### Collection entries:
▬▬▬▬▬▬

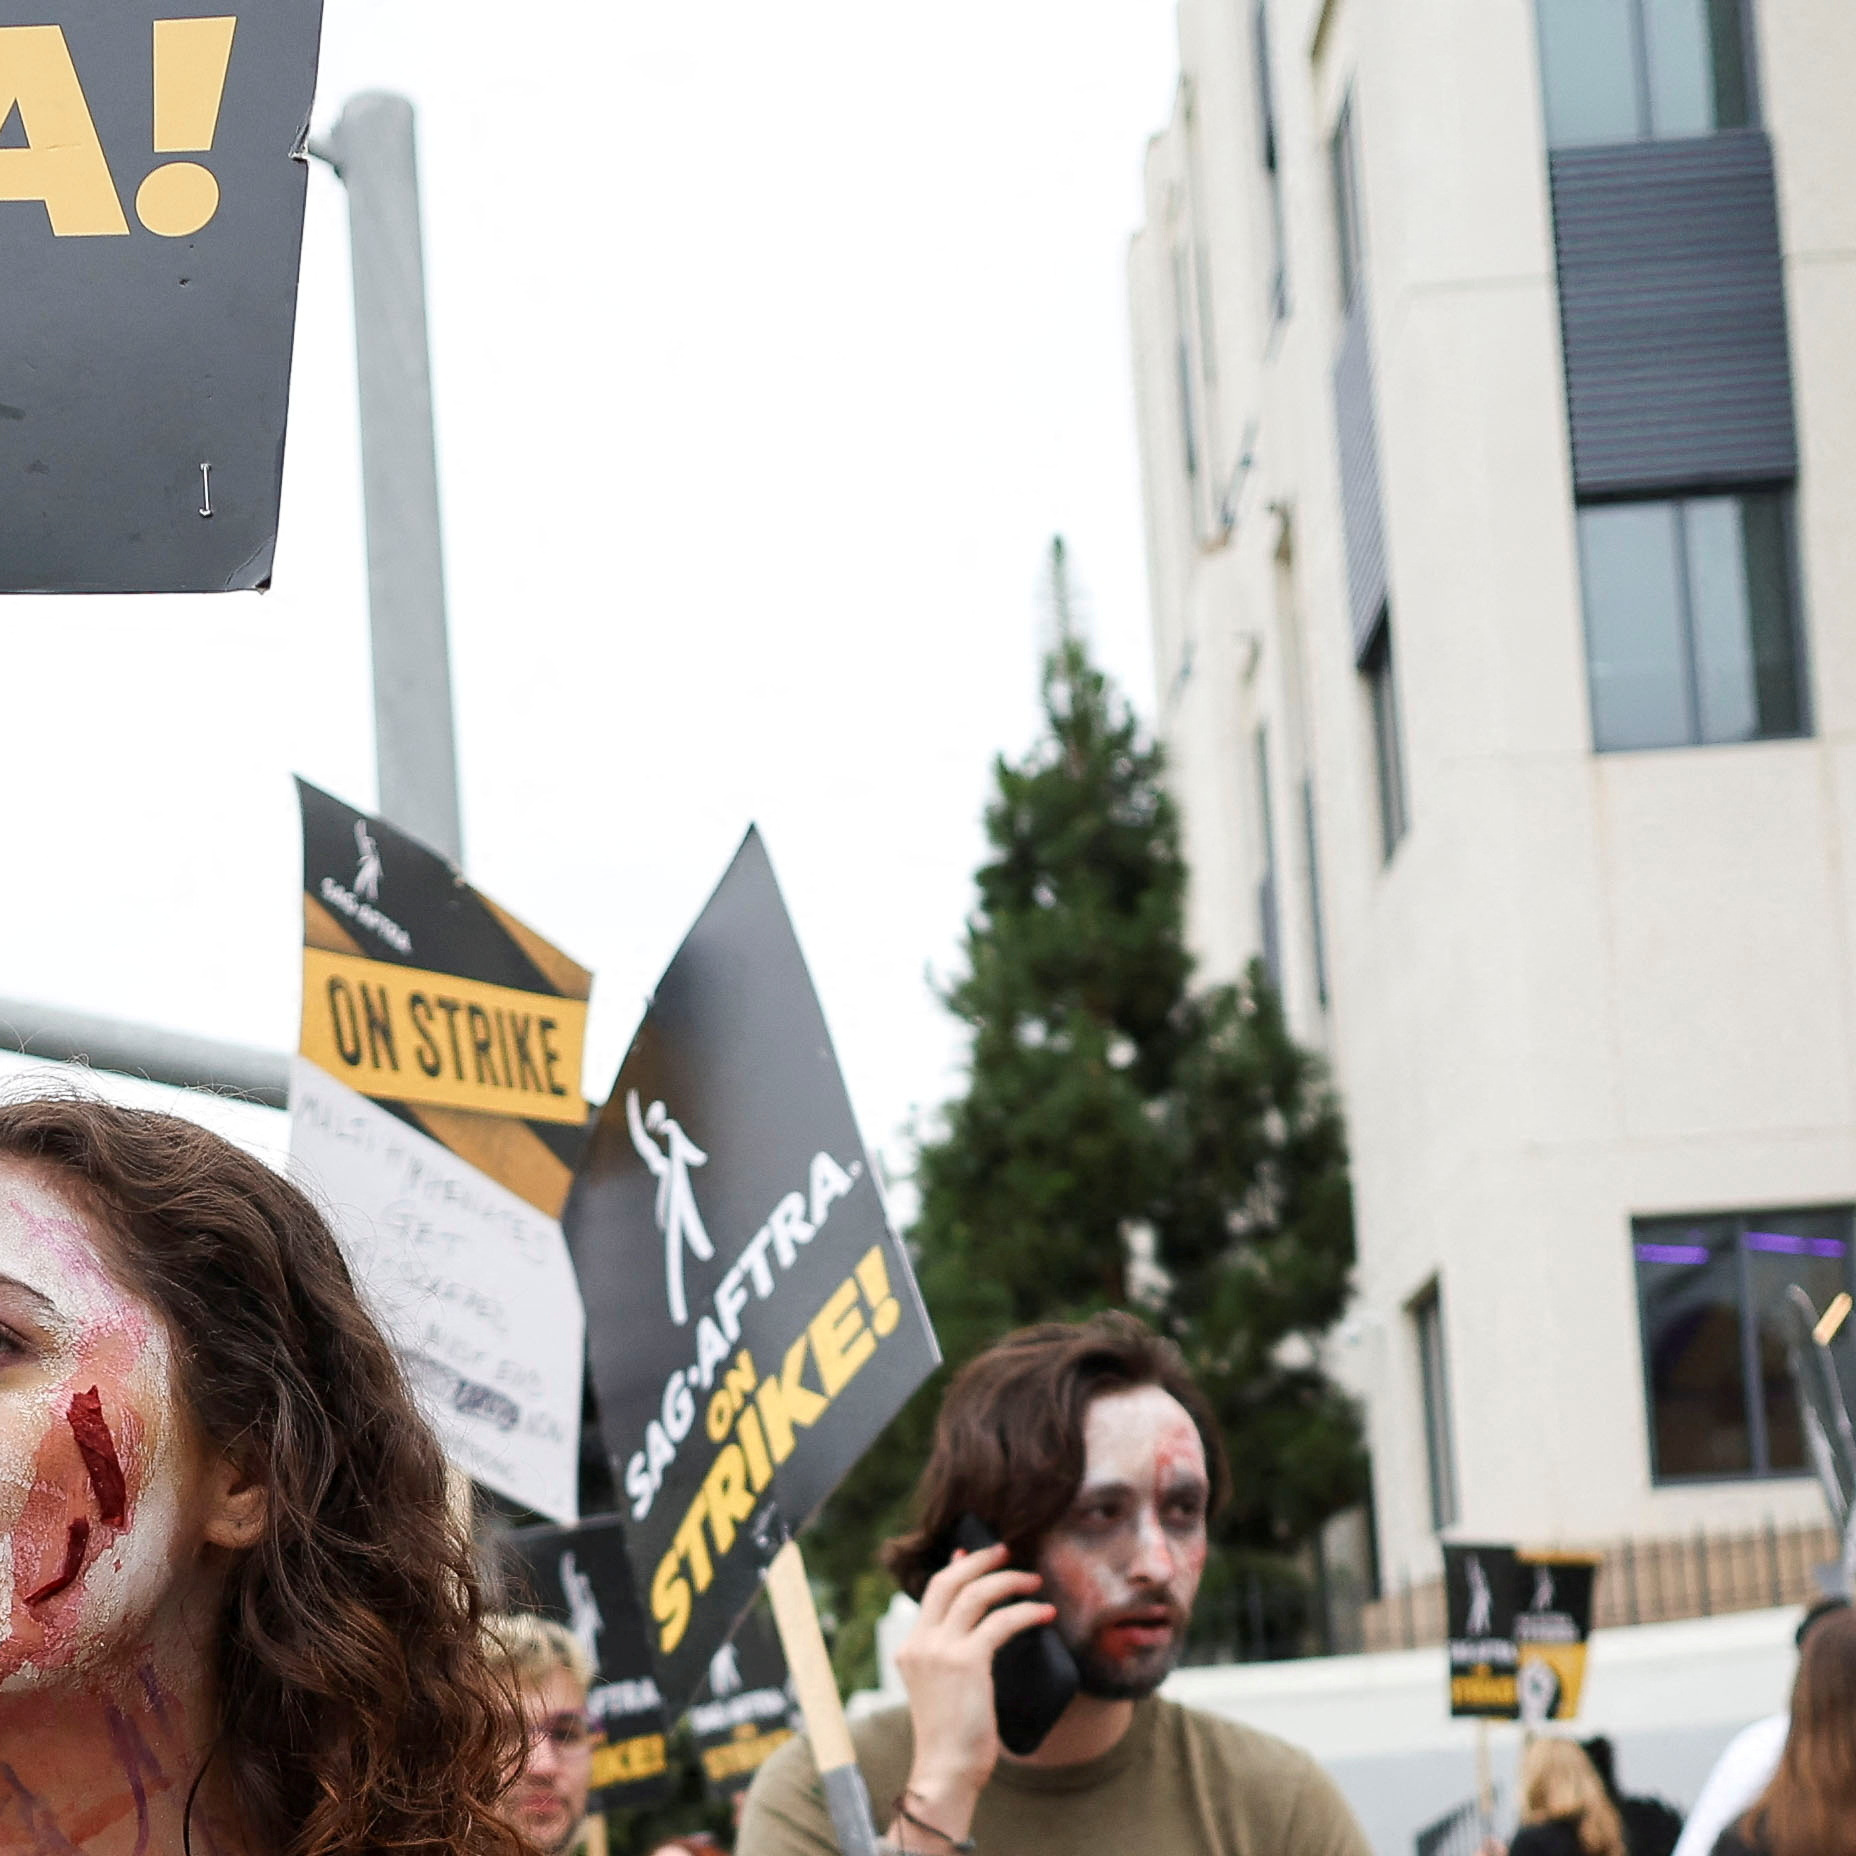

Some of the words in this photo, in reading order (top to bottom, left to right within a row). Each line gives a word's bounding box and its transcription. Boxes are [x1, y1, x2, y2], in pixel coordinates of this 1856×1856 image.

[328, 975, 400, 1071] ON
[408, 991, 568, 1096] STRIKE
[651, 1245, 901, 1655] STRIKE!
[706, 1348, 758, 1443] ON

▬▬▬▬▬▬

### Assignment:
Each entry above is to be duplicated exactly, and its pictures omitted.

### Result of this task:
Some of the words in this photo, in reading order (top to bottom, left to right within a row). Each line gives a word's bounding box and its transcription. Boxes are [x1, y1, x2, y2], in pixel coordinates of this 1856×1856 image.

[328, 975, 400, 1071] ON
[408, 991, 568, 1096] STRIKE
[651, 1245, 901, 1655] STRIKE!
[706, 1348, 758, 1443] ON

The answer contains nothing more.